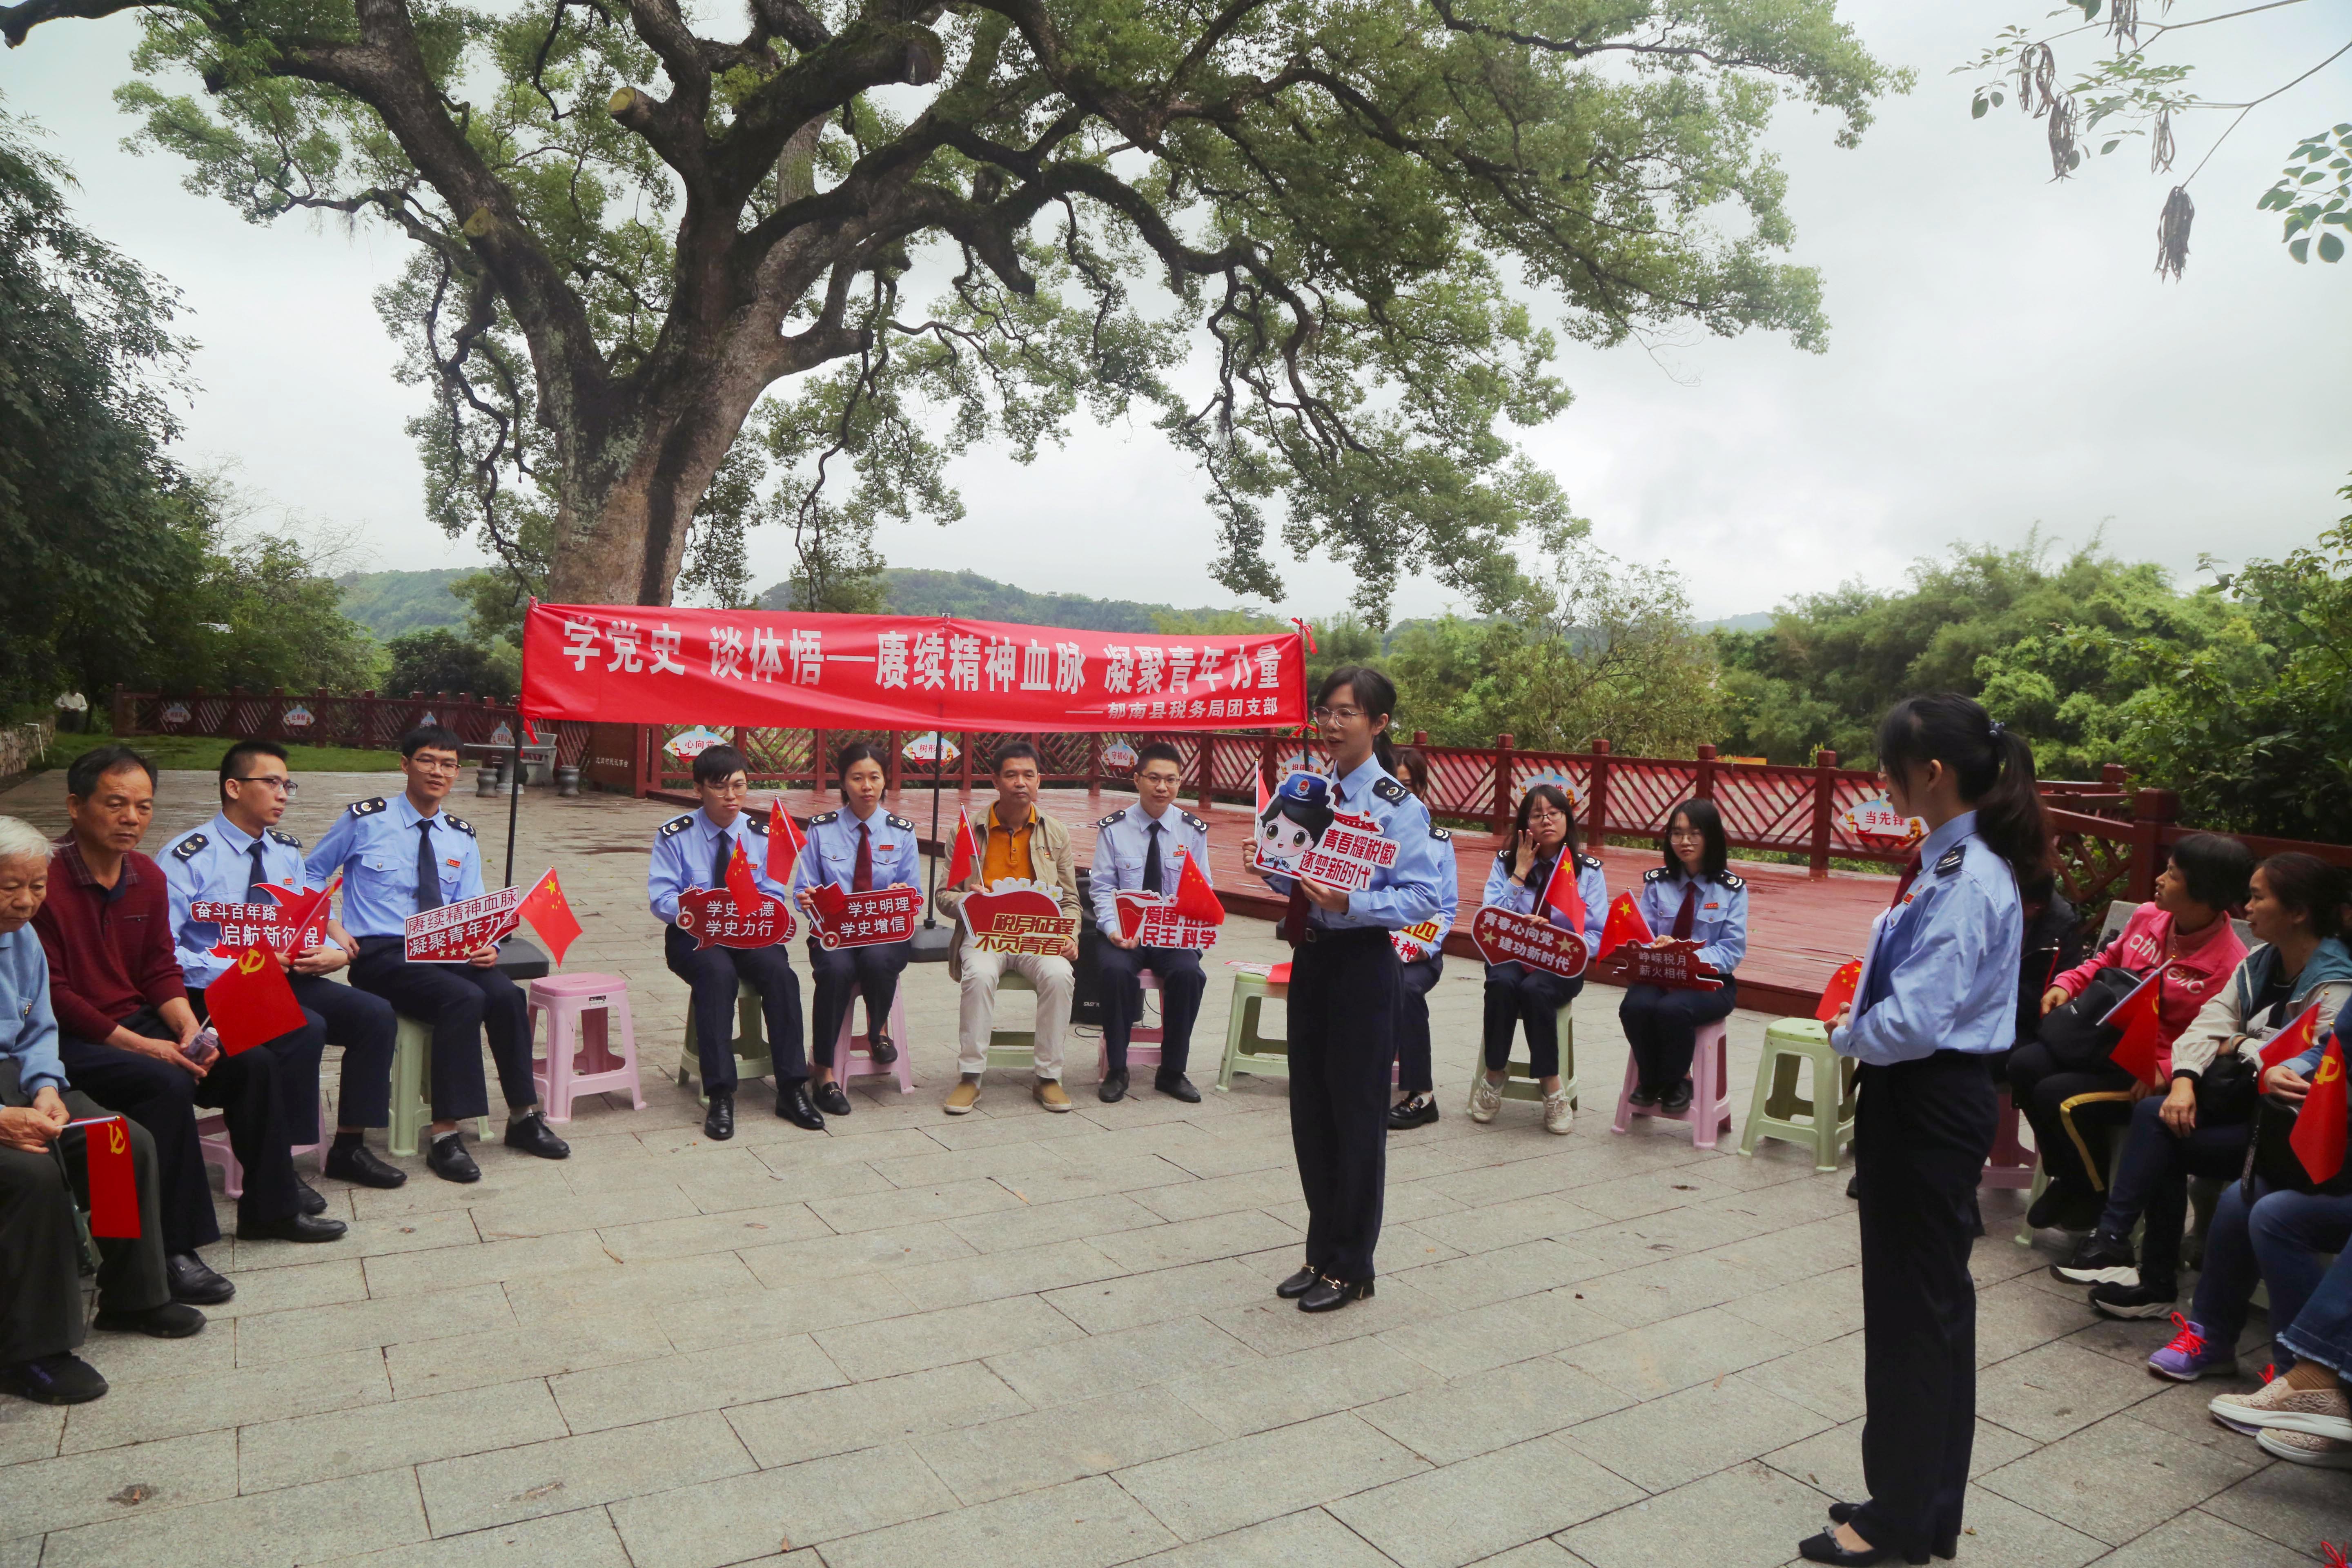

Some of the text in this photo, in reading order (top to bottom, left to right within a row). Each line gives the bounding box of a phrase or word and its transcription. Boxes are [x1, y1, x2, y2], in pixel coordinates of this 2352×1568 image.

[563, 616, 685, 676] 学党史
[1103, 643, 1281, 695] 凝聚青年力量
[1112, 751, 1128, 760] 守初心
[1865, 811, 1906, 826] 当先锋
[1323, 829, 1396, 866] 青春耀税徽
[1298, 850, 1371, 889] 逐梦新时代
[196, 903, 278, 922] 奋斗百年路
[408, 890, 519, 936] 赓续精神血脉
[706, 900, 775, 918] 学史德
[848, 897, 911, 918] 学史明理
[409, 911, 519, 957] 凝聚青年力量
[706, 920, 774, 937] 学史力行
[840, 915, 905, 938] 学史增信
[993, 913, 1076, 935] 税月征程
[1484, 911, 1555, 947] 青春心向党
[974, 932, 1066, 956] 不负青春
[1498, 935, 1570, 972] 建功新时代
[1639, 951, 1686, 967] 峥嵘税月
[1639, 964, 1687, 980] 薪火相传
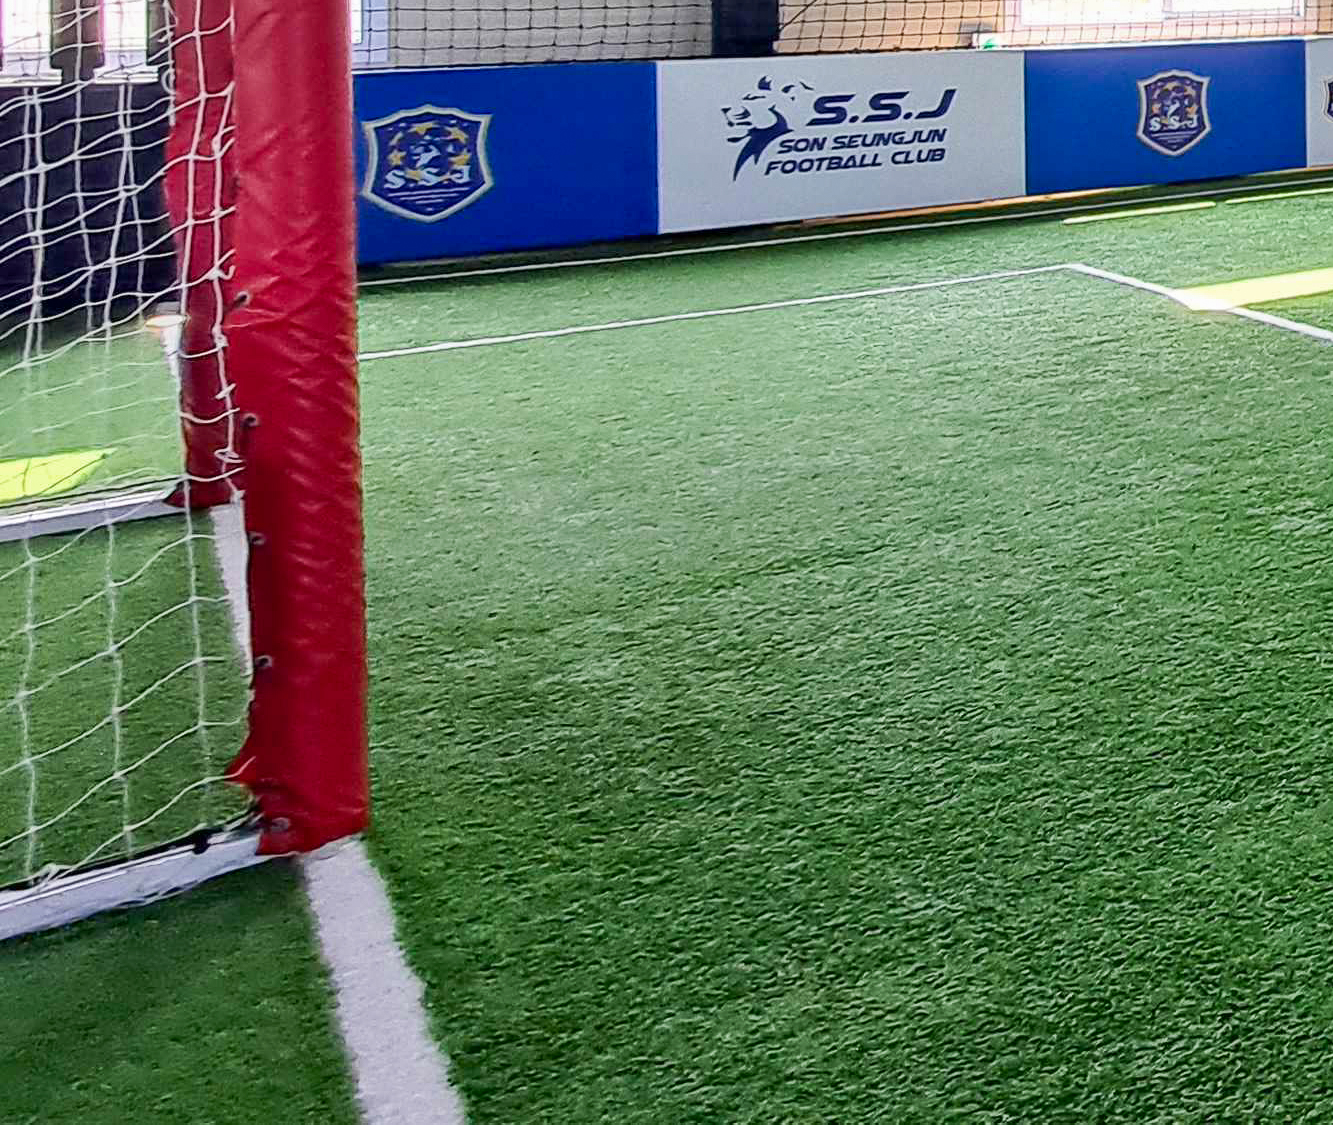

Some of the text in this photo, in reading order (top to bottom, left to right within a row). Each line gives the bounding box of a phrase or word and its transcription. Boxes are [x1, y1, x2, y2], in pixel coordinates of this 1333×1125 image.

================================

Give back all of the entries verbatim, but without pictures.

• [EXERCISE ANSWER]:
Some of the text in this photo, in reading order (top to bottom, left to right within a row). Each line gives the bounding box of a phrase or word and its transcription. Boxes are [x1, y1, x2, y2], in pixel coordinates of this 2352×1568 image.

[563, 616, 685, 676] 学党史
[1103, 643, 1281, 695] 凝聚青年力量
[1112, 751, 1128, 760] 守初心
[1865, 811, 1906, 826] 当先锋
[1323, 829, 1396, 866] 青春耀税徽
[1298, 850, 1371, 889] 逐梦新时代
[196, 903, 278, 922] 奋斗百年路
[408, 890, 519, 936] 赓续精神血脉
[706, 900, 775, 918] 学史德
[848, 897, 911, 918] 学史明理
[409, 911, 519, 957] 凝聚青年力量
[706, 920, 774, 937] 学史力行
[840, 915, 905, 938] 学史增信
[993, 913, 1076, 935] 税月征程
[1484, 911, 1555, 947] 青春心向党
[974, 932, 1066, 956] 不负青春
[1498, 935, 1570, 972] 建功新时代
[1639, 951, 1686, 967] 峥嵘税月
[1639, 964, 1687, 980] 薪火相传

Some of the text in this photo, in reading order (top to bottom, left to right within a row). Each line gives the bounding box of a phrase or word and its transcription. Boxes are [x1, y1, x2, y2], in pixel coordinates of this 1333×1125 image.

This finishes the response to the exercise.